University of Missouri - Columbia, November 1, 2007

The length and quality of life for individuals with specific forms of muscular dystrophy is greatly affected by heart disease, which is also the leading cause of death in the United States.  Until now, scientists have been unsure whether the heart could benefit from treatments involving gene and/or stem cell therapy.  Recent discoveries have shown that a variety of organs could be helped by such treatment.

If only 50 percent of the cells in the heart are healthy, a muscular dystrophy patient should be able to maintain a normal lifestyle.  This is according to researchers as to University of Missouri-Columbia, whose study was published in a journal of the American Heart Association titled Circulation Research.

The production of a protein known as dystrophin is disrupted by a gene mutation in patients with Becker muscular dystrophy and Duchenne muscular dystrophy.  Muscle cell degeneration and death are the eventual outcome of the domino effect that is initiated by the absence of this protein.  Fibrous fatty or bony tissue eventually replaces the damaged muscle tissue causing it to lose function.  Patients become severely limited when this occurs in the heart, as it leads to severe heart disease.

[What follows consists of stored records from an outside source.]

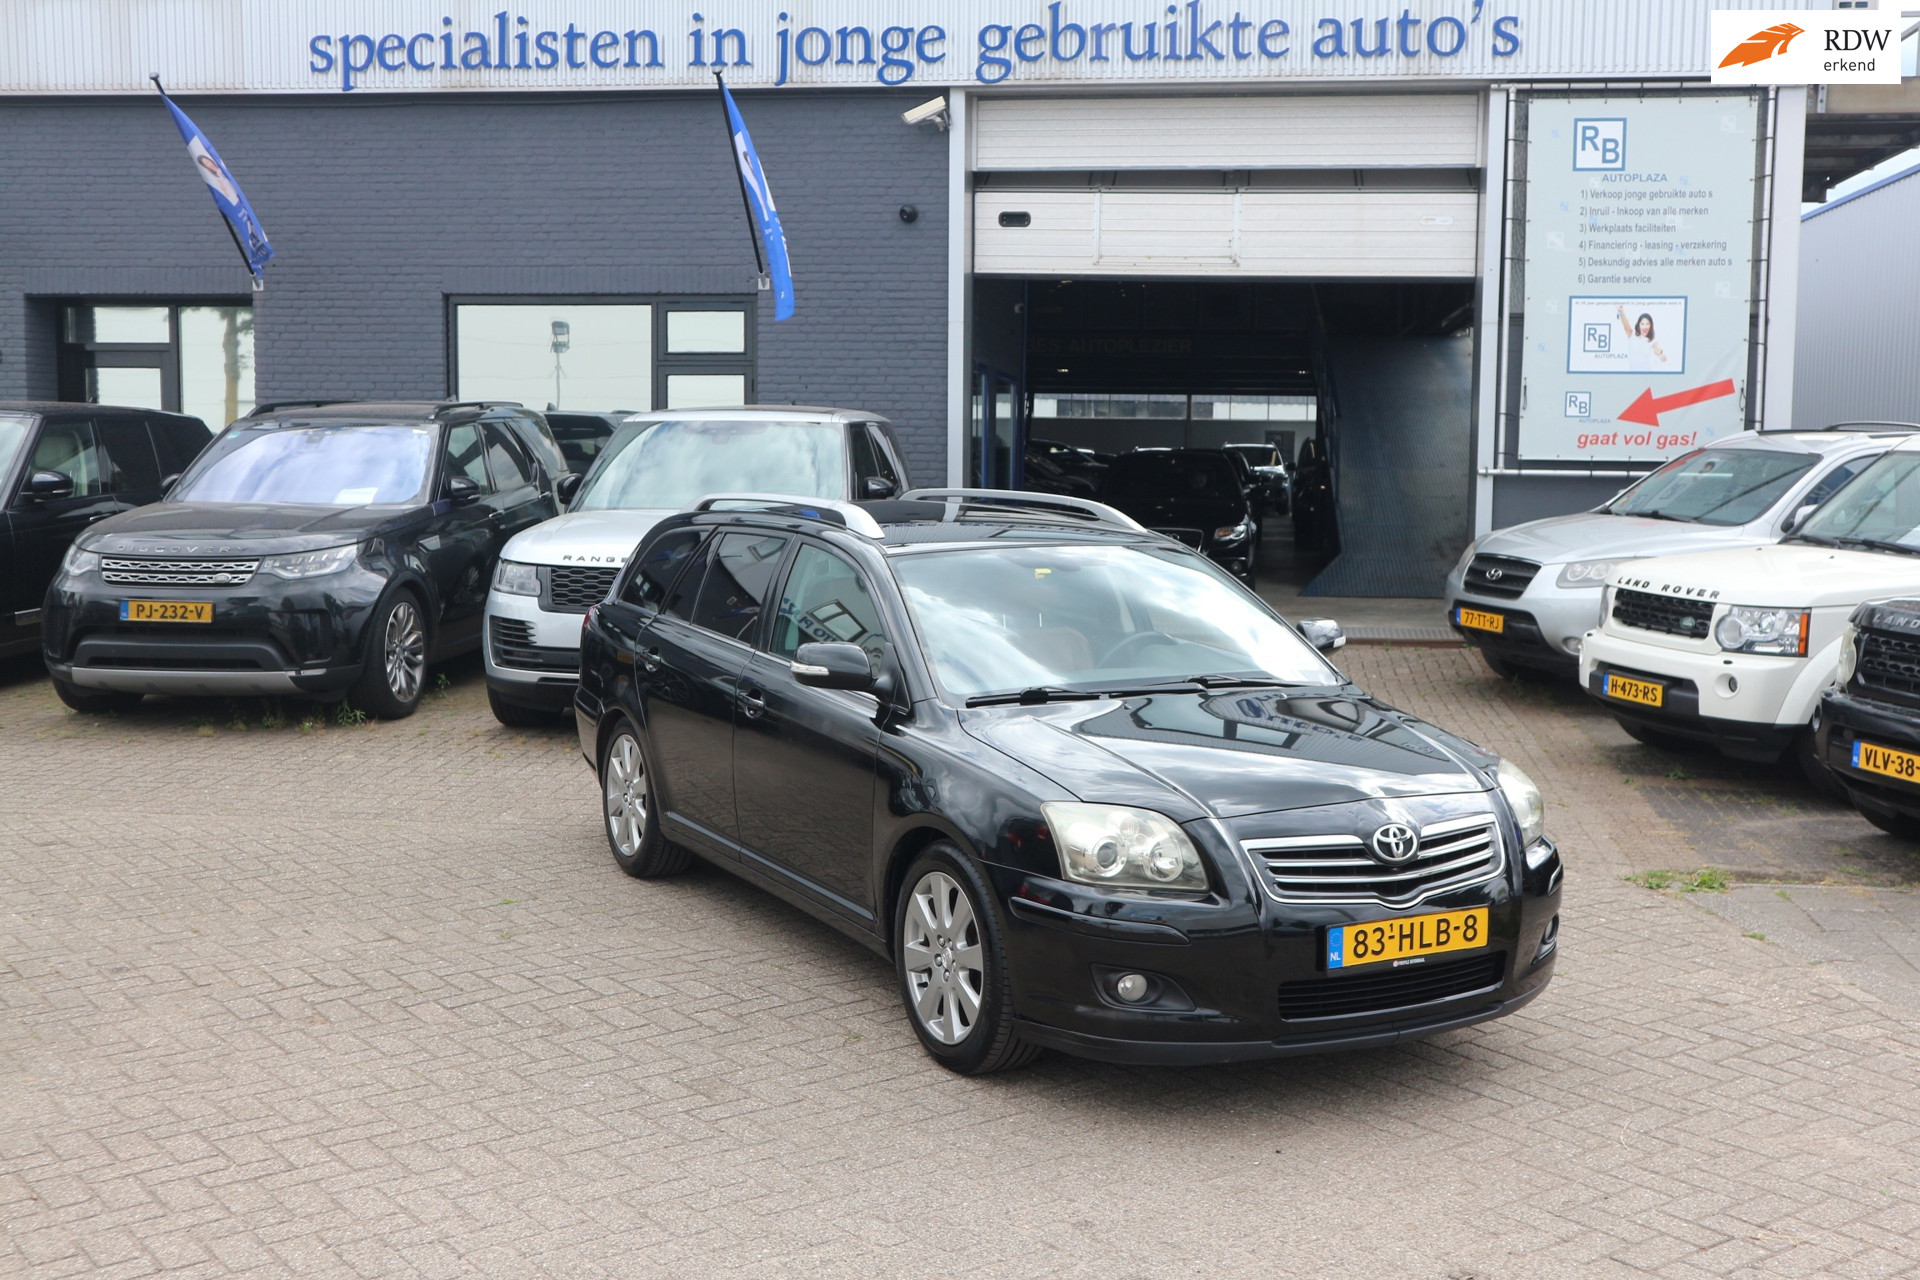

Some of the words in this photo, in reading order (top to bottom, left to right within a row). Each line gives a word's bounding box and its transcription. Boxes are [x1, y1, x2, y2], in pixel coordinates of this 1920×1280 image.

[309, 11, 663, 91] specialisten
[688, 12, 752, 67] in
[774, 11, 946, 86] jonge
[975, 0, 1290, 84] gebruikte
[1312, 0, 1520, 58] auto's
[1602, 173, 1668, 182] AUTOPLAZA
[1581, 190, 1588, 199] 1)
[1590, 190, 1623, 200] Verkoop
[1624, 190, 1647, 200] jonge
[1649, 190, 1687, 200] gebruikte
[1580, 206, 1588, 216] 2)
[1589, 206, 1610, 215] Inruil
[1616, 206, 1645, 217] Inkoop
[1662, 206, 1677, 215] alle
[1678, 206, 1709, 215] merken
[1579, 223, 1587, 233] 3)
[1589, 223, 1633, 234] Werkplaats
[1635, 223, 1676, 232] faciliteiten
[1578, 240, 1586, 250] 4)
[1588, 240, 1638, 251] Financiering
[1645, 240, 1673, 251] leasing
[1681, 240, 1727, 251] verzekering
[1578, 258, 1586, 268] 5)
[1588, 257, 1630, 268] Deskundig
[1632, 257, 1658, 267] advies
[1660, 257, 1674, 267] alle
[1676, 257, 1706, 266] merken
[1578, 274, 1586, 285] 6)
[1587, 274, 1622, 284] Garantie
[1623, 274, 1652, 283] service
[1577, 431, 1618, 449] gaat
[1623, 431, 1652, 446] vol
[1656, 431, 1697, 449] gas!
[116, 544, 248, 553] DISCOVERY
[563, 555, 629, 563] RANGE
[1617, 577, 1650, 588] LAND
[1661, 584, 1721, 599] ROVER
[136, 604, 205, 619] PJ-232-V
[1464, 611, 1500, 630] 77-TT-RJ
[1872, 613, 1920, 629] LAND
[1611, 678, 1658, 703] H-473-RS
[1330, 952, 1341, 962] NL

Getting rid of the damaged tissue in the heart used to be the only way to have a healthy heart according to scientists.  It was believed that the heart needed to maintain 100 percent normal cells in order to stay healthy since the heart was considered to be a "synchronized organ".

Healthy cells replace diseased cells in stem cell therapy.  Healthy genes replace mutated genes during gene therapy.  However, it is not feasible to repair every cell in the heart with stem cell and gene therapies.  Previously, scientists were uncertain whether partial correction could benefit patients.

"In our study, we found that a heart with 50 percent normal cells looks like a normal heart," said Dongsheng Duan, an associate professor of molecular microbiology and immunology at the MU School of Medicine. "More importantly, it acts like a normal heart. This is the first time that we have concrete evidence that partial gene or cell therapies will be effective for preventing heart disease in a mouse model of muscular dystrophy."

"It's important to note that this could improve the quality of life for individuals who have this heart condition," said Brian Bostick, a doctoral student in molecular microbiology and immunology and the first author of the study. "We're also looking at this as a possible way to prevent heart disease. If we can treat it early through gene therapy or cell therapy, we know now that it can be very beneficial for patients."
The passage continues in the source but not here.